I've been the worried/active parent, I've been part of parent consolations, used to go to every parent event (stopped last year when it was a 5 minute meeting with form tutors, when it takes me an hour to get to the school), been a parent governor for years, was the first one to actually challenge a policy to make it go to vote/rewrites because it was horribly inconsistent and clearly copied over from multiple other policies, but never edited to be one coherent document and I still view us as largely powerless to change the system as parents. Schools have so many other metrics they're measured by, anything any individual parent is saying is a whisper in the storm. The time there is a big part of the life of the child, but they'll leave and the school moves on.
I've two kids out of school and two more getting close, and I'm still not sure what parents who aren't spreading shite on social media and have children who are behaving and happy to learn can do that would improve things for teachers as parents. Even working within wider consultation and connected areas can feel pointless, either due to the lack of resources to do anything or the whims of a headteacher / trust lead / government official.

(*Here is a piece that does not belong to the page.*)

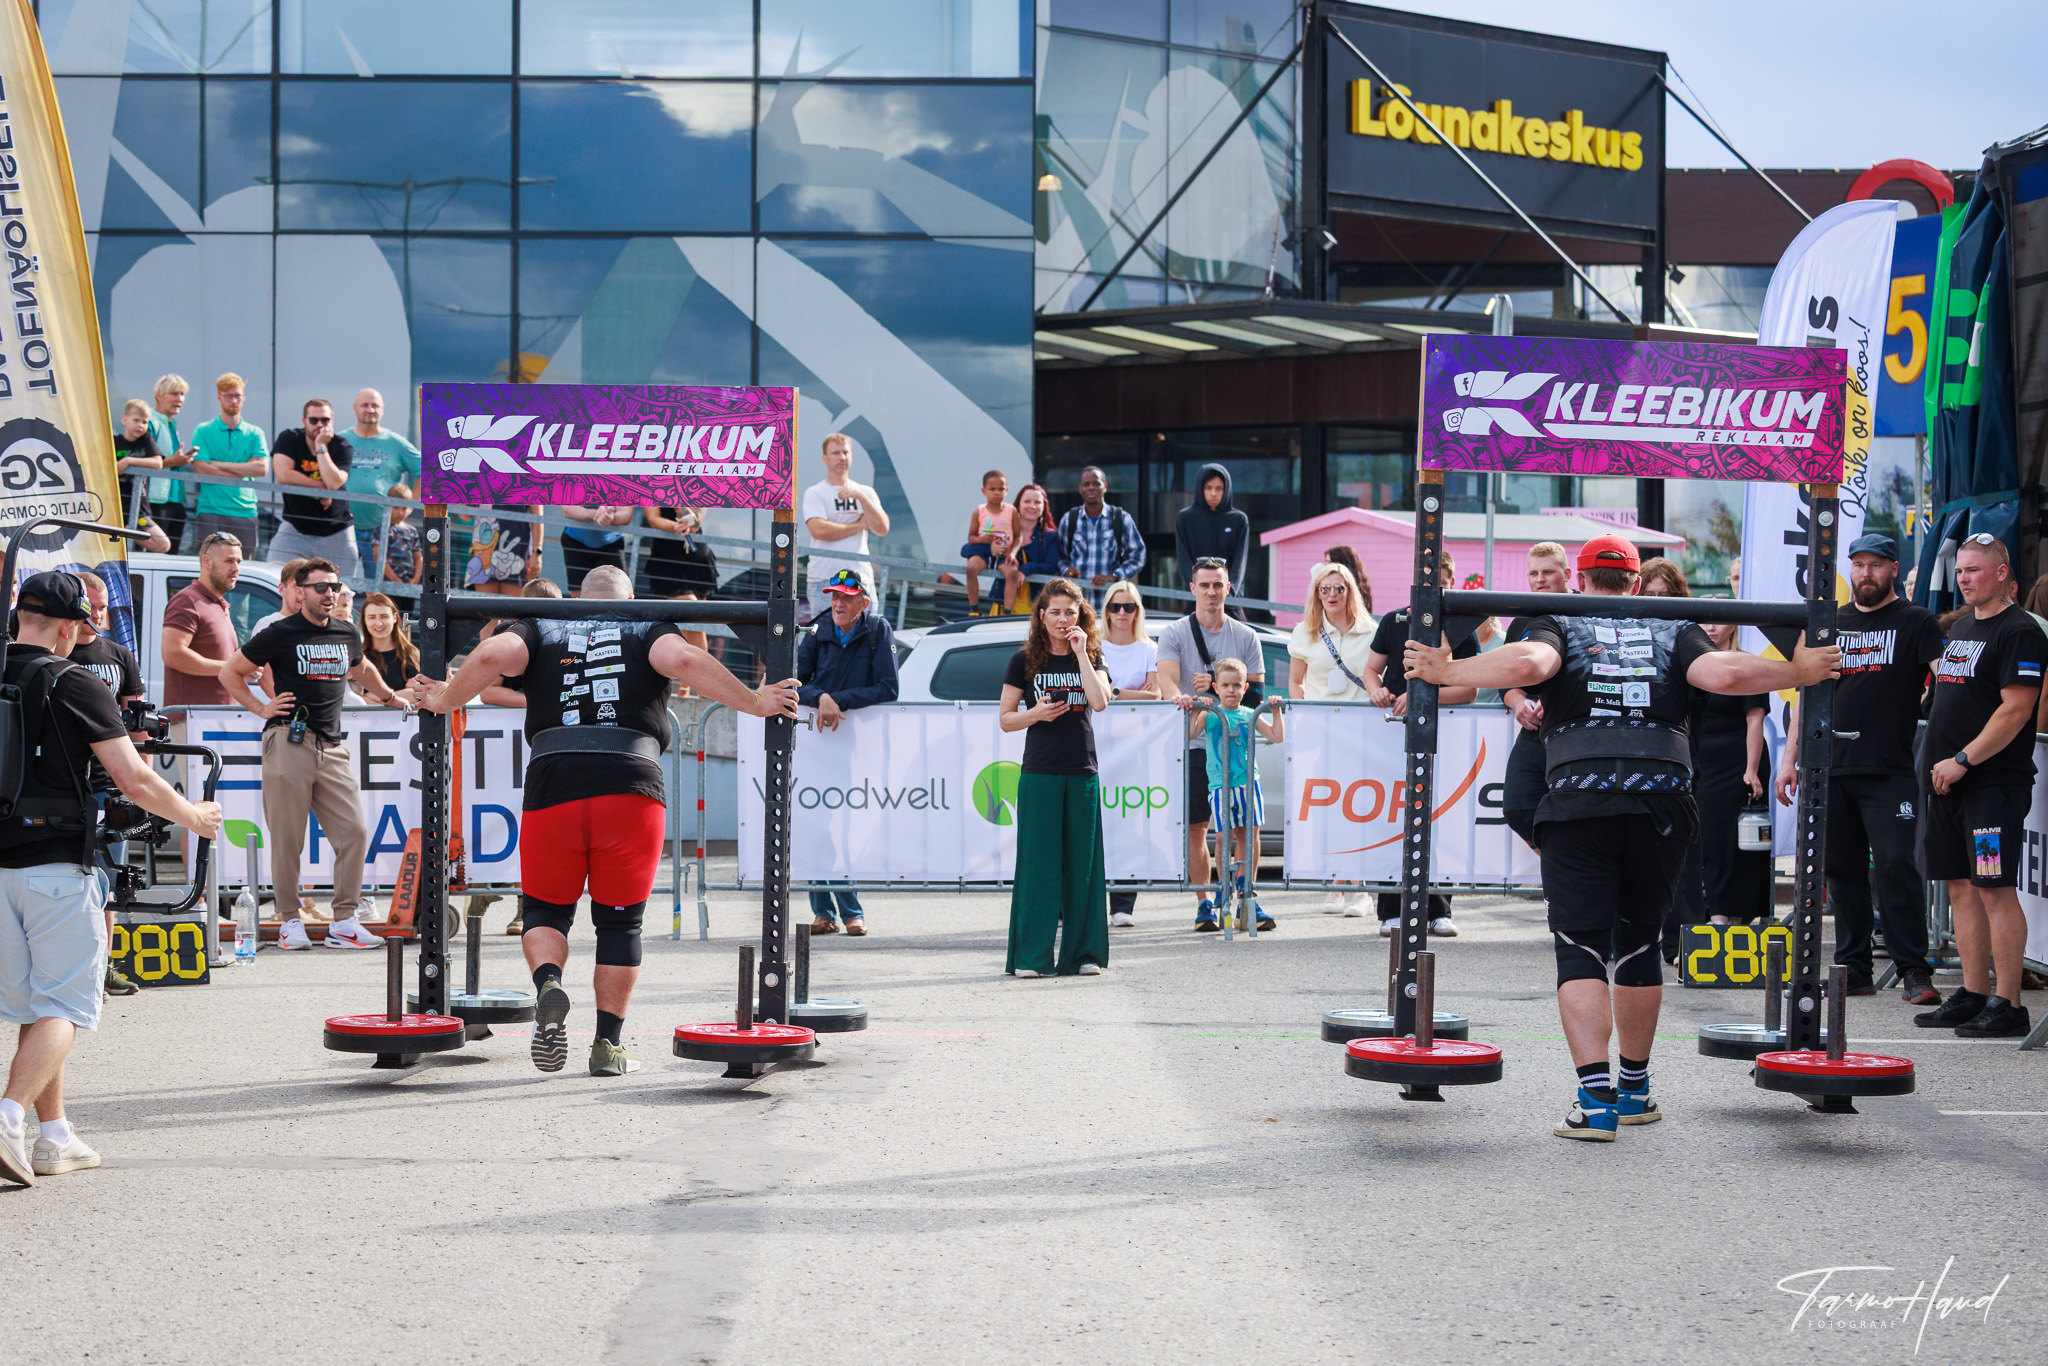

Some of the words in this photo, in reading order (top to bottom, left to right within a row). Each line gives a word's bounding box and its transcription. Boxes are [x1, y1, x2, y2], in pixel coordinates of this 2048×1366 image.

I don't think it's helped when it's framed as all parents or all teachers. Some in any group like that can be great and some are assholes who have an antagonistic view towards others. I've sat in meetings with the head of Education Welfare where I am and heard her infer parents are dim and openly call parents who contacted the LA for help arrogant, even quoting from emails of parents asking for help to somehow support that I can see why parents might think falls under Education Welfare, but sadly doesn't (mostly to do with children with additional needs). Things like that are part of why I stepped away from being so active in schools - it's so draining and when you run into those that are antagonistic but powerful, it does make you feel like what's the point & carry on supporting just your own kids at home.